15,921,905 members
Articles / Artificial Intelligence
Article

# Data Classification Using VB.NET and Genetic Algorithm

Rate me:
4 Aug 2008CPOL6 min read 49.1K   2.7K   30   3
A simple example of how to classify data using genetic algorithm and VB.Net

## Introduction

Genetic Algorithms are part of Artificial Intelligence (AI). Actually, the concept of genetic algorithm is a copy from evolution in nature. New generations with more consistency and compatibility can surpass older generations, and they exchange their characteristics with the closest generations. This article shows how genetic algorithms can help us to classify our data based on a function called the genetic algorithm function.

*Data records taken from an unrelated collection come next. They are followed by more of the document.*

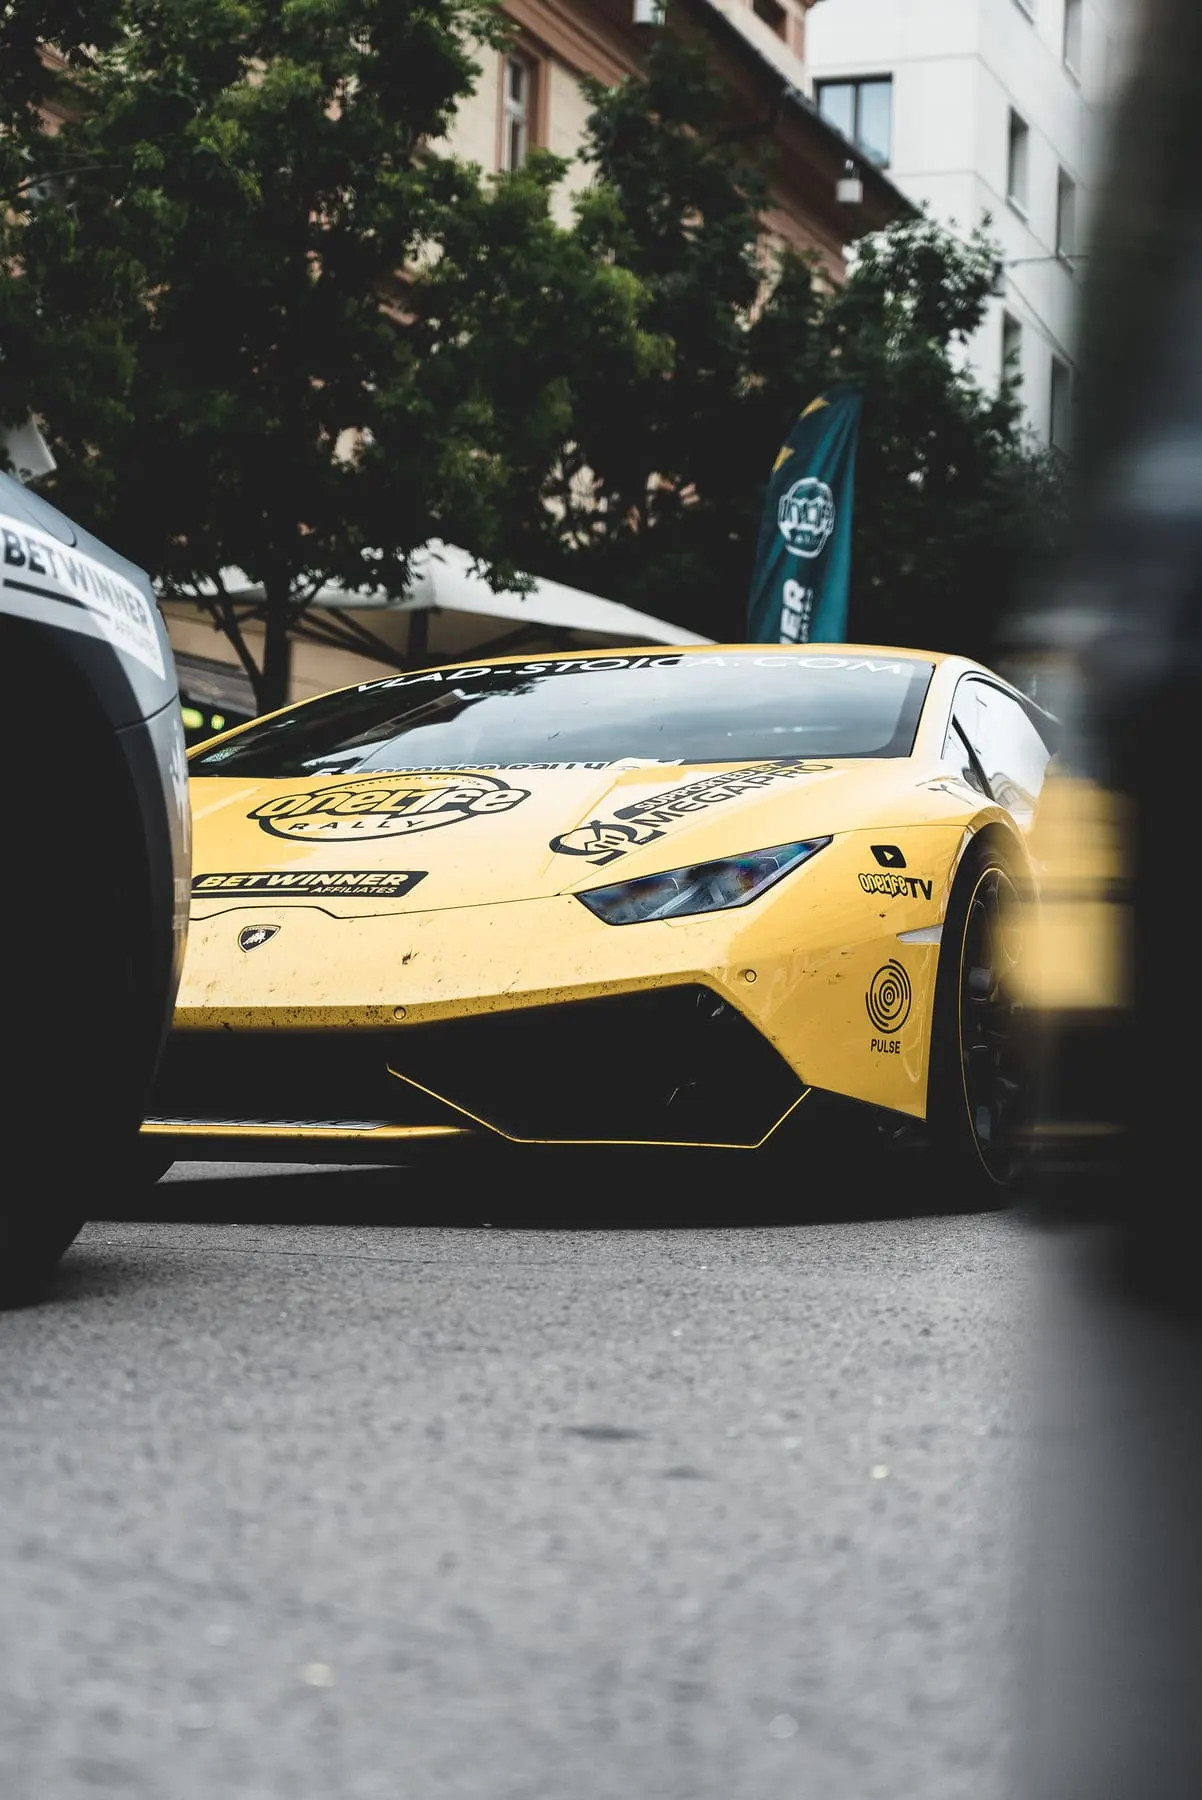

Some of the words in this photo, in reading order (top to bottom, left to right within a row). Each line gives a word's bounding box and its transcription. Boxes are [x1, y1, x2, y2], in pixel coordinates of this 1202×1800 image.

[2, 528, 151, 634] BETWINNER
[358, 656, 901, 692] VLAD-STOICA.COM
[634, 767, 756, 810] SUPPORTED
[287, 819, 427, 831] RALLY
[196, 873, 409, 888] BETWINNER
[308, 886, 398, 895] AFFILIATES
[870, 1038, 901, 1054] PULSE
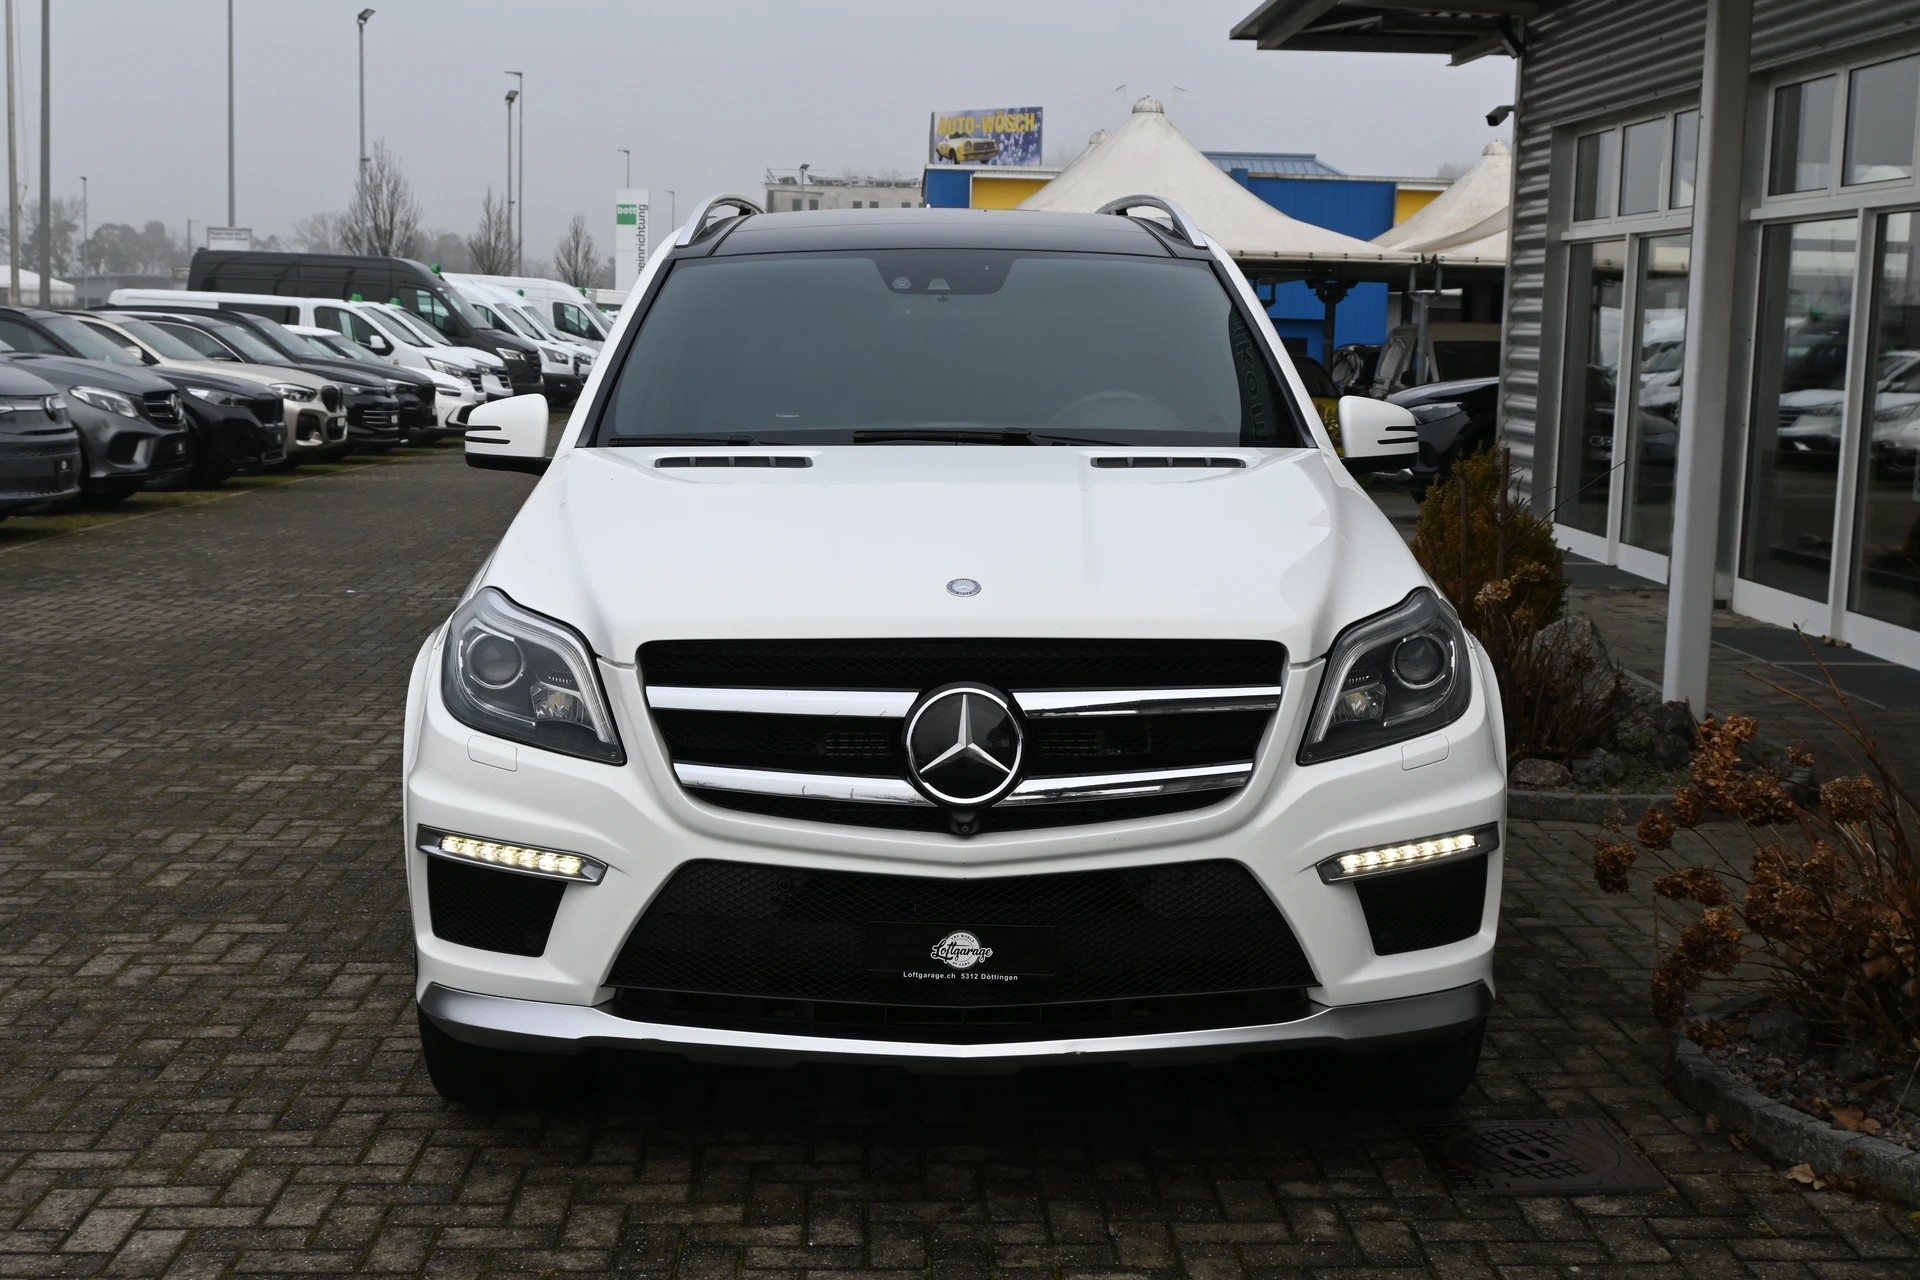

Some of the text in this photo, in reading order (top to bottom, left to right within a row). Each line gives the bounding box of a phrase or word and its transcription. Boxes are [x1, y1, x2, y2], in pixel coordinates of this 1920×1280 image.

[938, 111, 1035, 135] AUTO-WÖSCH
[617, 206, 636, 214] bott
[931, 939, 993, 963] Loftgarage
[903, 971, 1018, 981] Loftgarage.ch 5312 Döttingen
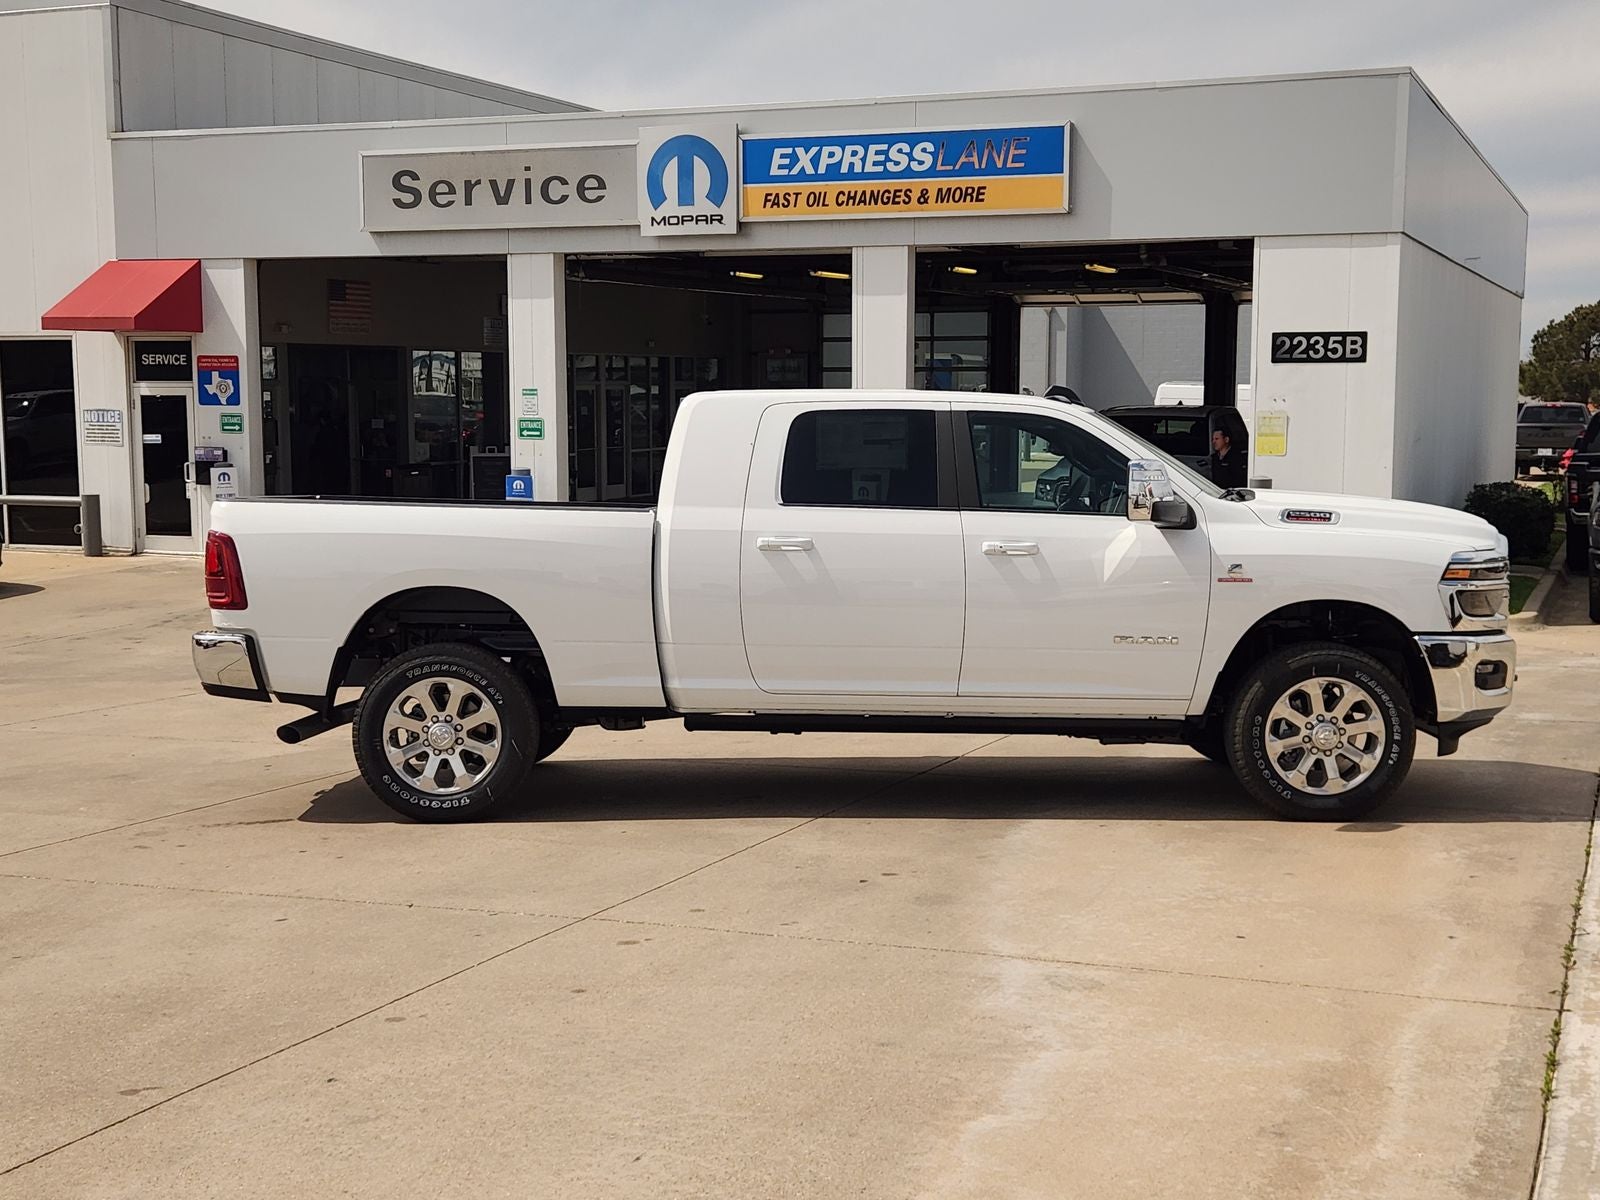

Imagine that we have data which is a combination of different data groups from zones with identical behavior. This means that, although each data group has its own functionality, the difference is only between function parameters. The graph below shows a number of points on the XY coordinate. Obviously our data is a combination of two data groups. Now lets imagine a condition at which we already know the formula and each group is generated by a y=ax+b function. In this example we do not face a serious problem in the classification while there are only two groups and data is separated clearly.

In more complex examples we cannot follow such procedures. For example, take the condition at which we have five different data groups in 1000 data sets which are dispersed in XY coordinates or at the intersection area of two or more data groups. Here human observation is not reliable enough for data classification. If we try to find the mean squared error (MSE) for different groups of data and functions we just waste the time, because in most of the case, billions of mathematical terms should be calculated. This is where we need genetic algorithm in such problem.

## Background

This article does not cover all genetic algorithm subjects, but is simply an applied example of how to classify different data based on an available correlation. Let’s consider an array of data group indices. This array has a length equal to data sets count and for each data set (X and Y) it has its own group index inside its elements. For example, in the graph above we may have an array of 0 and 1 because this is supposed that we have only two data groups.

Such an array can occur in different forms, each of which has its own MSE based on the calculated parameters of our genetic algorithm functions (here y=ax+b). The figure below shows ten different forms of such an array. At the beginning we randomly set the values. Now our genetic algorithm begins.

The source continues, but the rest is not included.